Long before Nobel Prize-winning economist Amartya Sen concluded that the key to combating rural poverty in the developing world is giving women a greater voice and role in village life, Roy set up the Barefoot College in the village of Tilonia, deep in the heart of Rajasthan, an arid, poor state in western India. A self-effacing and energetic man who is also a graduate of the distinguished Doon School in northern India, Roy has for decades selflessly devoted himself to sustaining the Barefoot College, a unique institution that twice a year houses roughly 50 middle-aged women for six months and teaches them useful and practical skills, such as how to construct and maintain solar cookers and solar lamps or how to make crafts and other items that they can sell.
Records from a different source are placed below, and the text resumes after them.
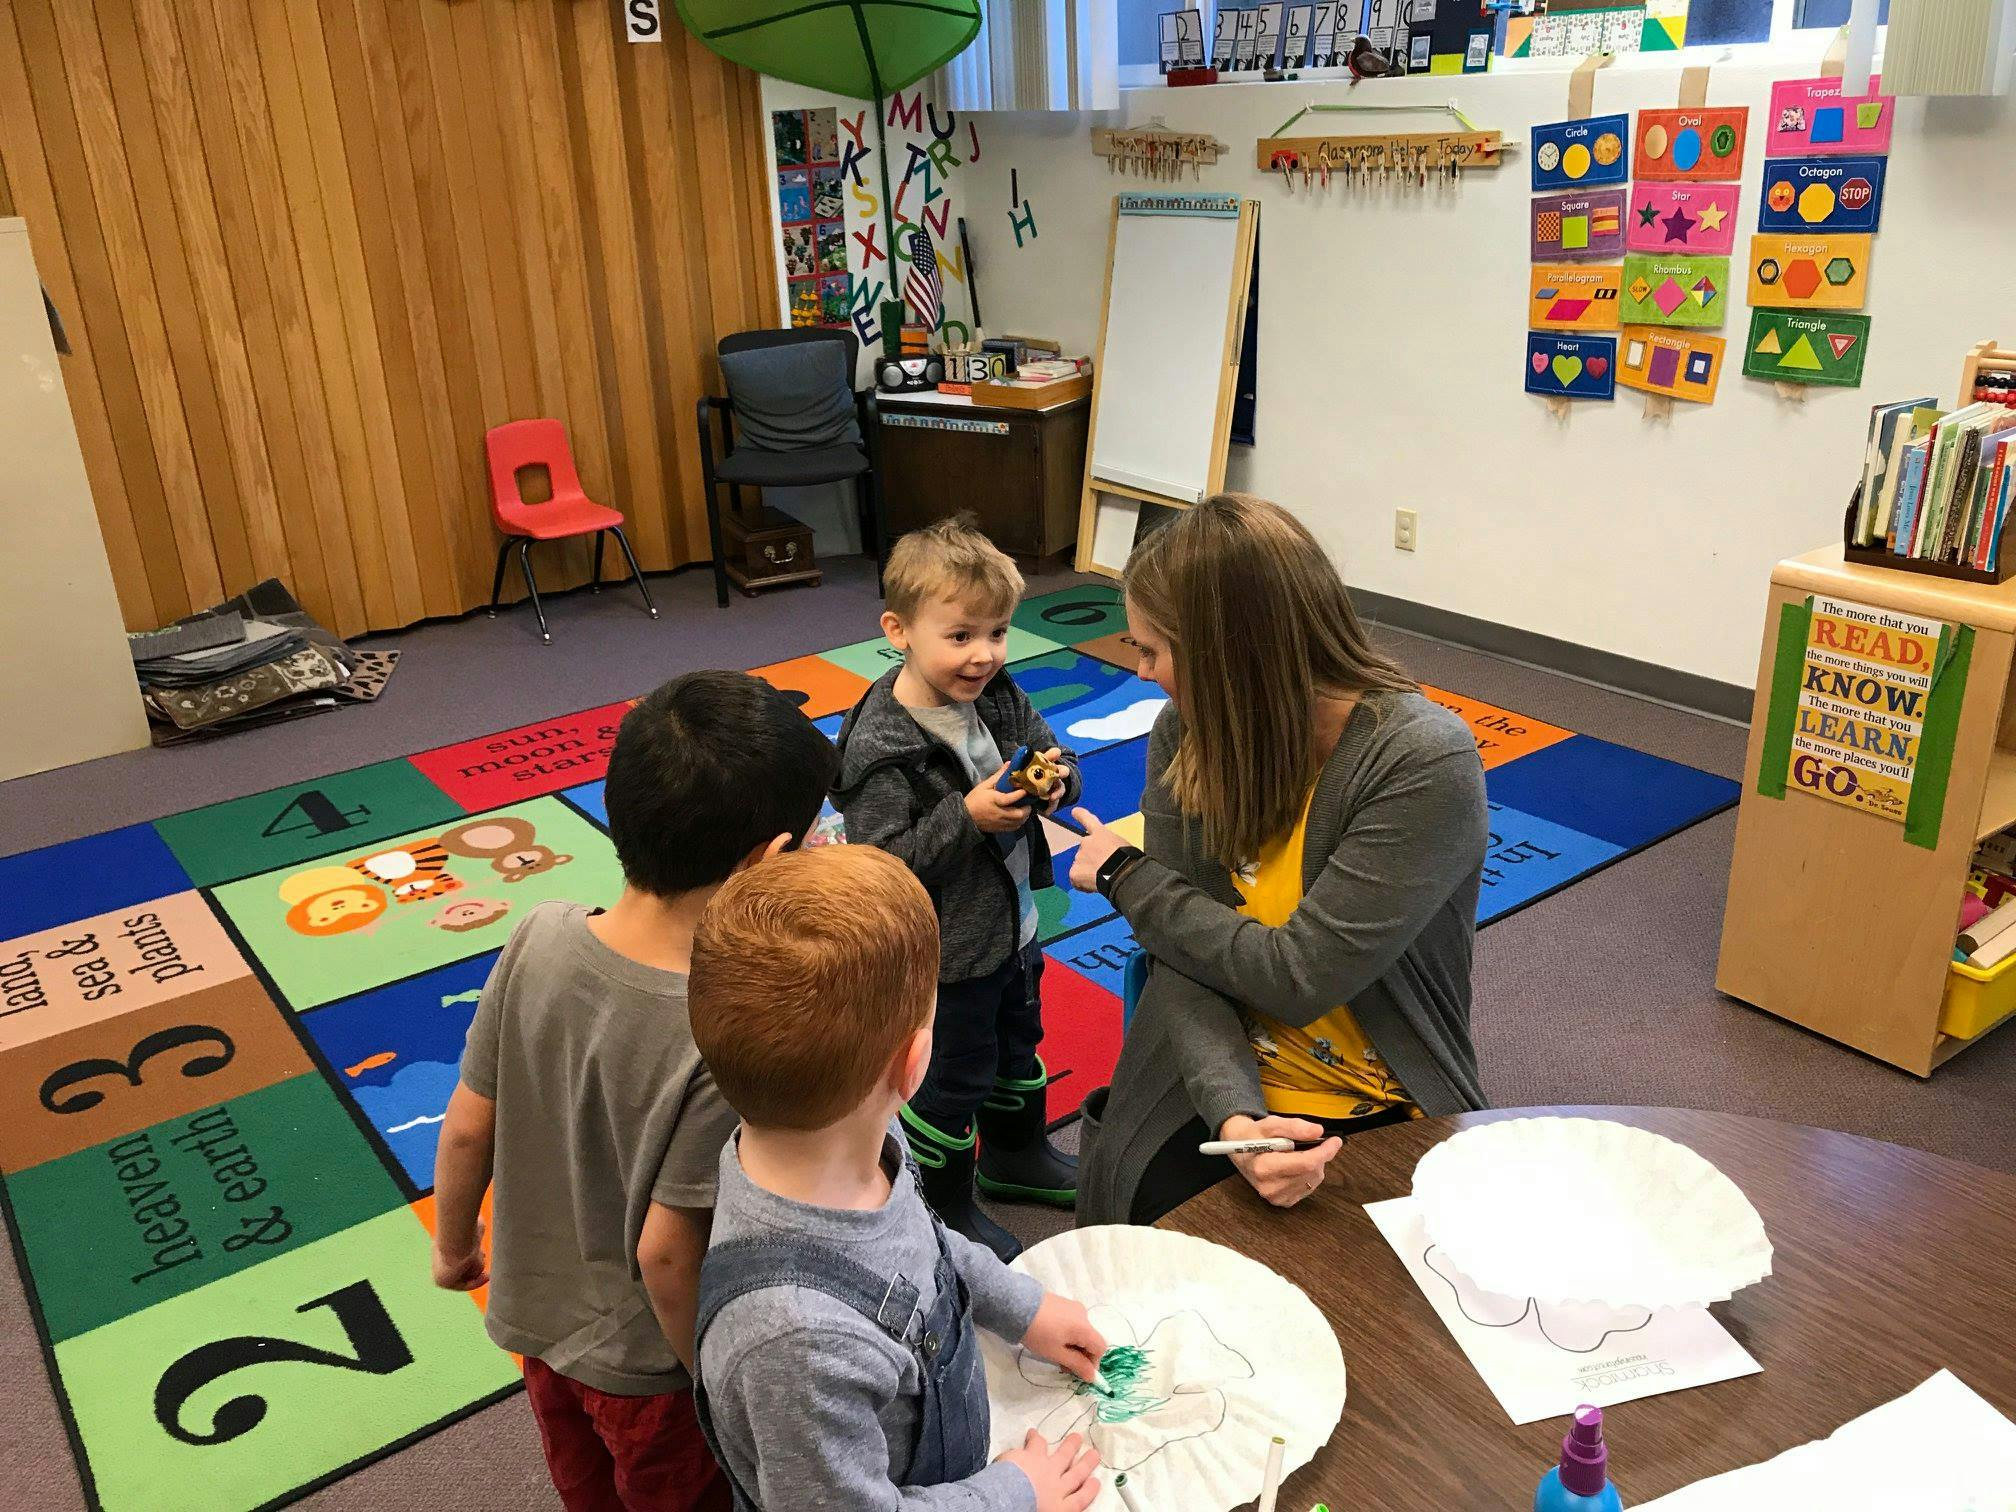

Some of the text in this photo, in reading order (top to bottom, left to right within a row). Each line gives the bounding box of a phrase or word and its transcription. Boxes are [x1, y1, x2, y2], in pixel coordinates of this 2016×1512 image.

[629, 0, 658, 36] S
[1178, 16, 1189, 41] 2
[1215, 13, 1225, 39] 3
[1241, 13, 1253, 39] 4
[1259, 8, 1270, 35] 5
[1290, 10, 1299, 36] 6
[1314, 6, 1330, 34] 7
[1336, 4, 1348, 31] 8
[1372, 0, 1383, 27] 9
[887, 91, 922, 133] M
[1806, 86, 1841, 99] Trapez
[840, 110, 865, 151] Y
[926, 103, 955, 140] U
[1565, 126, 1588, 138] Circle
[1679, 115, 1702, 126] Oval
[926, 139, 961, 180] R
[969, 121, 980, 163] J
[1437, 137, 1475, 162] Today
[780, 174, 787, 185] 3
[841, 140, 872, 187] K
[906, 142, 927, 185] T
[914, 159, 943, 203] Z
[1799, 166, 1843, 179] Octagon
[852, 177, 878, 218] S
[894, 181, 908, 223] L
[1561, 201, 1589, 213] Square
[1672, 190, 1691, 201] Star
[1841, 187, 1870, 200] STOP
[819, 225, 826, 236] 6
[923, 199, 950, 240] V
[1008, 200, 1037, 248] H
[852, 223, 887, 269] X
[936, 245, 964, 286] N
[1784, 242, 1828, 255] Hexagon
[1547, 273, 1603, 284] Parallelogram
[1653, 264, 1692, 275] Rhombus
[848, 272, 884, 316] W
[852, 305, 882, 347] E
[1649, 332, 1691, 349] Rectangle
[1787, 318, 1827, 332] Triangle
[1557, 341, 1579, 351] Heart
[950, 357, 958, 380] 1
[1822, 602, 1929, 636] The more that you
[1813, 618, 1930, 674] READ,
[1806, 649, 1929, 689] the more things you will
[1802, 664, 1923, 719] KNOW.
[1474, 714, 1527, 737] the
[1808, 695, 1912, 733] The more that you
[457, 738, 586, 778] moon
[486, 727, 579, 754] sun,
[1795, 736, 1910, 779] the more places you'll
[1799, 709, 1914, 766] LEARN,
[1793, 754, 1864, 803] GO.
[261, 789, 371, 840] 4
[1490, 840, 1562, 864] In
[45, 932, 122, 1001] sea &
[117, 912, 204, 984] plants
[39, 1023, 237, 1115] 3
[171, 1106, 293, 1254] & earth
[108, 1132, 204, 1285] heaven
[153, 1278, 415, 1447] 2
[1573, 1360, 1676, 1392] Shamrock
When these women return to their villages with their new skills and some of the fruits of their labors at the college, they transform their villages, first, by raising the quality of life by bringing electricity to their villages with their new devices, and, second, by changing the traditional social dynamic by emerging as role models for the other women in the village and awing men with their useful expertise.
 
In their lecture at Groton School, Roy and Fallone explained that the college carefully selects as its students grandmothers, who upon their return teach their children and grandchildren what they have learned at the Barefoot College. Fallone and Roy call these grandmothers, who, unlike most grandmothers in the western world, are usually still in their 40s (if not late 30s), “force multipliers” because these women reach so many more people than could actually attend the college. 

The impressive track record of the Barefoot College led Time magazine in 2010 to recognize Roy as one the 100 most influential people in the world.
 
After the lecture, about 50 particularly curious and enthusiastic students peppered Roy and Fallone with questions for more than an hour and a half at a reception at the Headmaster’s House. Fallone described how inspiring it is to see women from different regions of the world work together at the college and develop friendships while building circuit boards.  

Roy challenged the students to reconsider the role of their education by pointing out that few so-called educated people, including some of the brightest minds at places such as Harvard, can do the work that the illiterate women of the world have shown Roy that they can do when given the opportunity.—Tom Lamont P'09, '12, '15, history teacher

Learn more about the Barefoot College at http://www.barefootcollege.org.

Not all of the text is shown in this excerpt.